Task item: Once you reach the line that contains "this 1280×1707 image.", retype it and every line after it exactly, ending with the last line of the entries.

Data supplied:
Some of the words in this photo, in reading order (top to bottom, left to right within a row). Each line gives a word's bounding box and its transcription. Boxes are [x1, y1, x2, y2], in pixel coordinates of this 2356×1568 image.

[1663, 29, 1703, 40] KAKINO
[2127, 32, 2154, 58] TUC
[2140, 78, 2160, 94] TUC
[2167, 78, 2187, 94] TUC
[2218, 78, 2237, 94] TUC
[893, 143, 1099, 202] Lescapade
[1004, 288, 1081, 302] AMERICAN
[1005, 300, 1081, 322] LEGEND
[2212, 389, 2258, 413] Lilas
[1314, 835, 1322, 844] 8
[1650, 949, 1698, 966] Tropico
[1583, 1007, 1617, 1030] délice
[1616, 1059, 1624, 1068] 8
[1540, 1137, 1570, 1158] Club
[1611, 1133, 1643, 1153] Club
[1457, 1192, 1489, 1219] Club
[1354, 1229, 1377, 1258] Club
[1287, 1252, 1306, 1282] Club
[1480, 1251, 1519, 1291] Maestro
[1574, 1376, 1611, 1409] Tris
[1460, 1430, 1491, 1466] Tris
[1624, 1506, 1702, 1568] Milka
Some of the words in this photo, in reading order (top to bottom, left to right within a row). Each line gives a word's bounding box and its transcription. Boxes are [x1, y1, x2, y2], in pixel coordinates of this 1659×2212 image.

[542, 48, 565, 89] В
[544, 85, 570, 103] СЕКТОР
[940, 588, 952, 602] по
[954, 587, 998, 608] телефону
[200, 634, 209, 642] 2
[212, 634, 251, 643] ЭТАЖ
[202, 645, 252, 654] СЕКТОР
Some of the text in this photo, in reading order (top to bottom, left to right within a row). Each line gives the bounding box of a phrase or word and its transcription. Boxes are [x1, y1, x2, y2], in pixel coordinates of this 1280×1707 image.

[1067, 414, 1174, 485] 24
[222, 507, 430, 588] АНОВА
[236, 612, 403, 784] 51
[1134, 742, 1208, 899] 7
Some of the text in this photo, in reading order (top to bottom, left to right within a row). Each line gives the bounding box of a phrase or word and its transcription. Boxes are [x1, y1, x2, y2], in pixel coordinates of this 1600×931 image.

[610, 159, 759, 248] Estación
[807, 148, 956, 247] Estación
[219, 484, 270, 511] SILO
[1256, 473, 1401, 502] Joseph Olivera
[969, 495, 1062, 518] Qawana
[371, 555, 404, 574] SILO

Reply to the task:
Some of the text in this photo, in reading order (top to bottom, left to right within a row). Each line gives the bounding box of a phrase or word and its transcription. Boxes are [x1, y1, x2, y2], in pixel coordinates of this 1280×1707 image.

[1067, 414, 1174, 485] 24
[222, 507, 430, 588] АНОВА
[236, 612, 403, 784] 51
[1134, 742, 1208, 899] 7
Some of the text in this photo, in reading order (top to bottom, left to right within a row). Each line gives the bounding box of a phrase or word and its transcription. Boxes are [x1, y1, x2, y2], in pixel coordinates of this 1600×931 image.

[610, 159, 759, 248] Estación
[807, 148, 956, 247] Estación
[219, 484, 270, 511] SILO
[1256, 473, 1401, 502] Joseph Olivera
[969, 495, 1062, 518] Qawana
[371, 555, 404, 574] SILO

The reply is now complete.